What is being asked – A precise reproduction of every record below is needed, minus the pictures.

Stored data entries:
++++++++++++++++++++

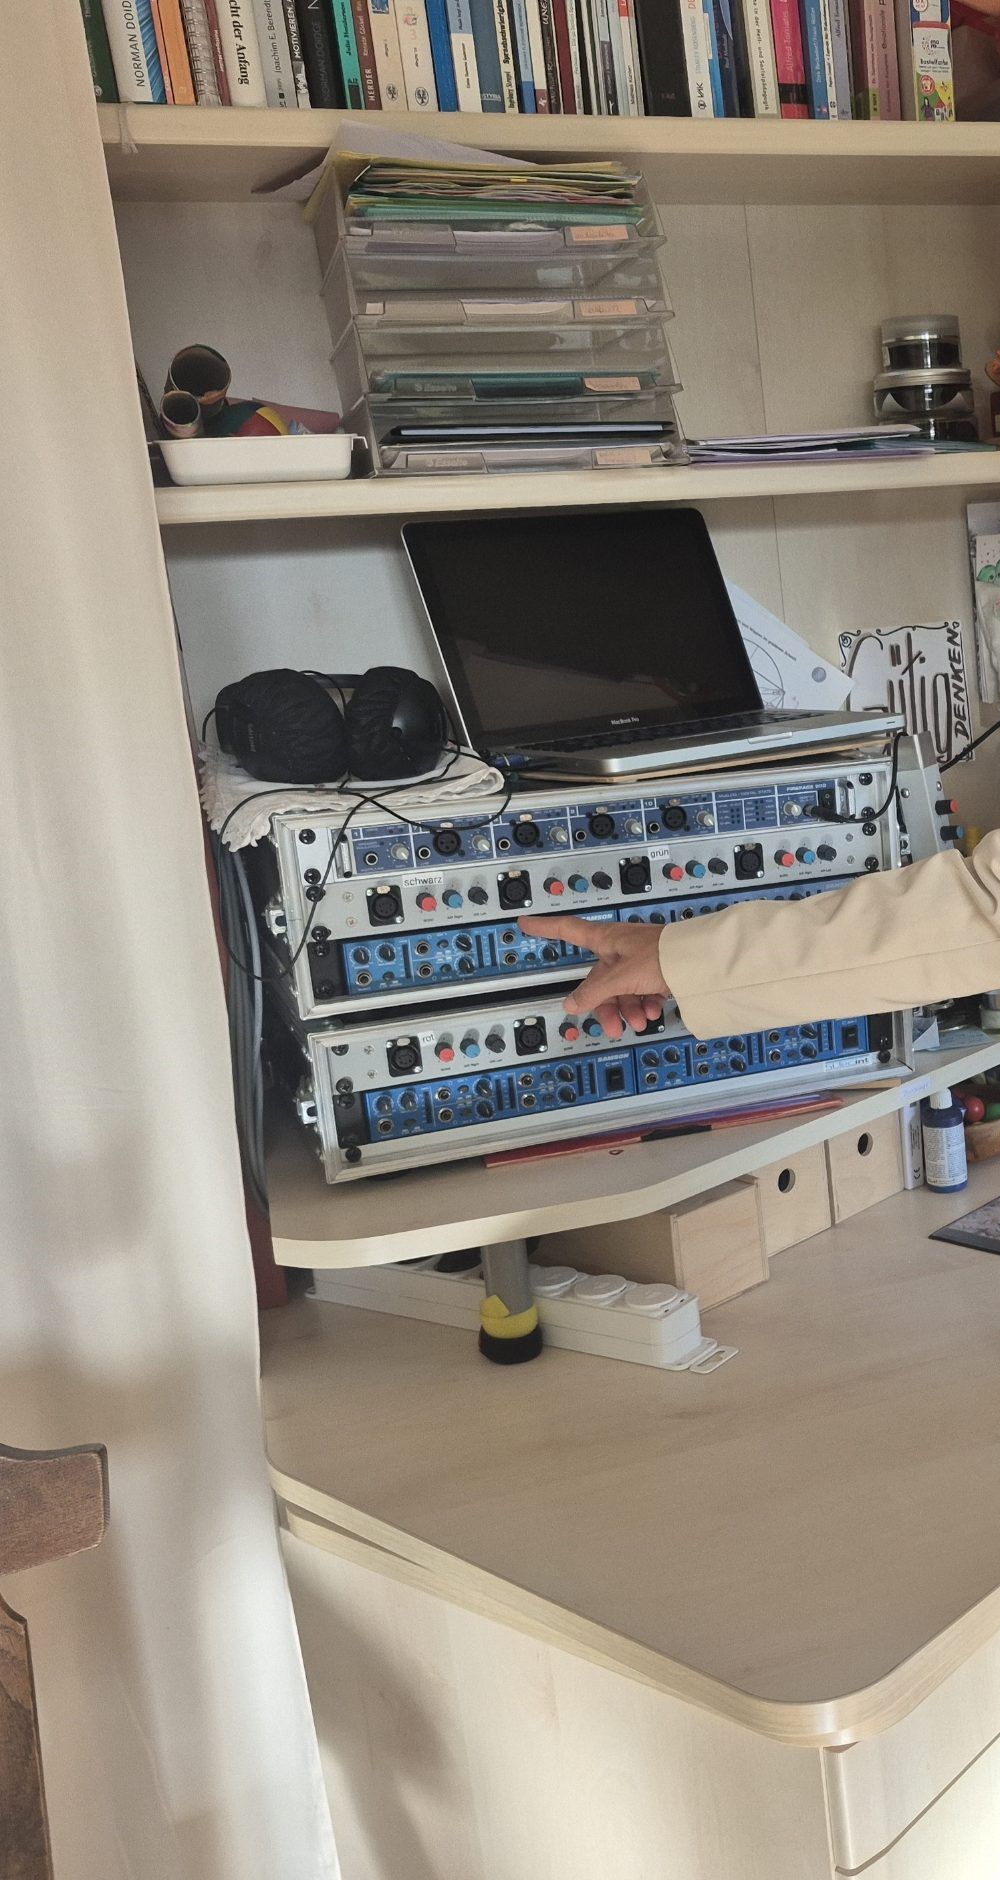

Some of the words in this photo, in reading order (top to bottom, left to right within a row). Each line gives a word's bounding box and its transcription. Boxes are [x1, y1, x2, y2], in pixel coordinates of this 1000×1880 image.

[231, 20, 244, 41] der
[129, 34, 145, 87] NORMAN
[235, 43, 251, 86] Anfang
[271, 42, 283, 74] Joachim
[366, 68, 376, 101] HERDER
[945, 628, 970, 741] DENKEN
[403, 874, 443, 887] schwarz
[422, 1033, 436, 1043] rot
[597, 1052, 631, 1063] SAMSON
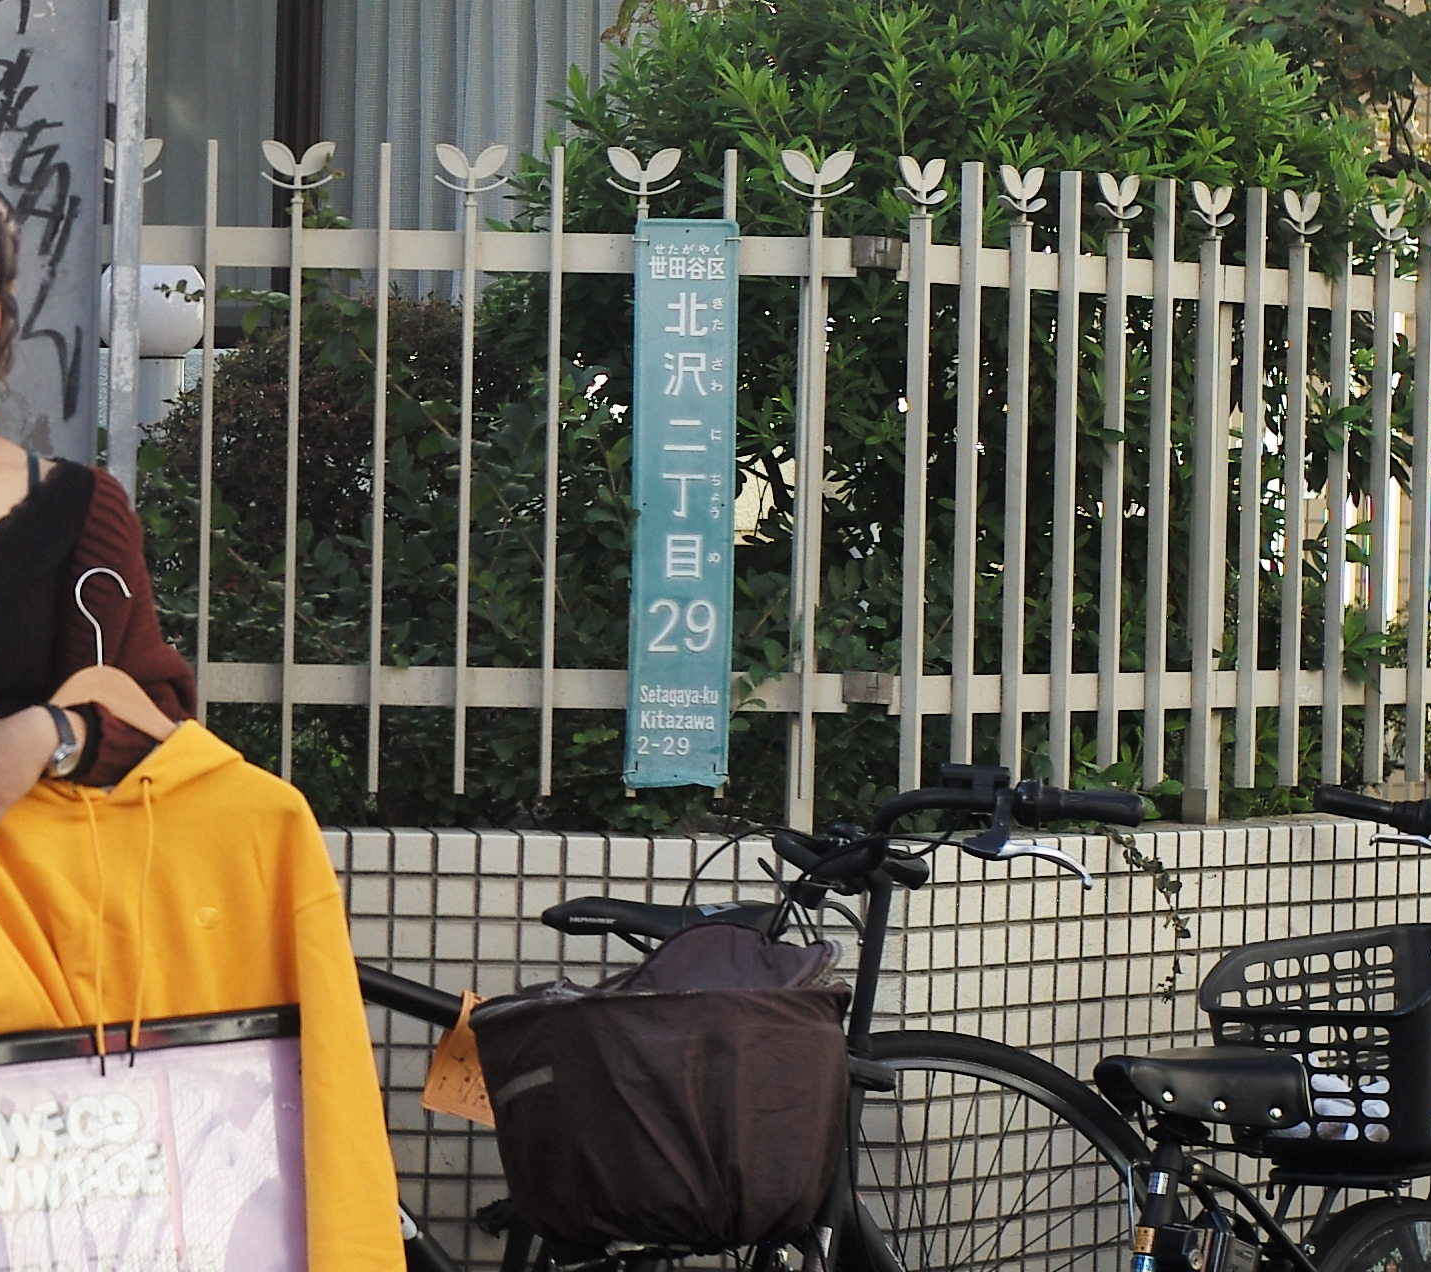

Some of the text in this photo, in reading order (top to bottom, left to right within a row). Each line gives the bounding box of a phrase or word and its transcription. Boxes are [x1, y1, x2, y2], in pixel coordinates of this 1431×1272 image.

++++++++++++++++++++

Result for this exercise –
Some of the words in this photo, in reading order (top to bottom, left to right within a row). Each line gives a word's bounding box and its transcription. Boxes are [x1, y1, x2, y2], in pixel coordinates of this 1000×1880 image.

[231, 20, 244, 41] der
[129, 34, 145, 87] NORMAN
[235, 43, 251, 86] Anfang
[271, 42, 283, 74] Joachim
[366, 68, 376, 101] HERDER
[945, 628, 970, 741] DENKEN
[403, 874, 443, 887] schwarz
[422, 1033, 436, 1043] rot
[597, 1052, 631, 1063] SAMSON

Some of the text in this photo, in reading order (top to bottom, left to right within a row). Each line gives the bounding box of a phrase or word and its transcription. Boxes are [x1, y1, x2, y2], in pixel coordinates of this 1431×1272 image.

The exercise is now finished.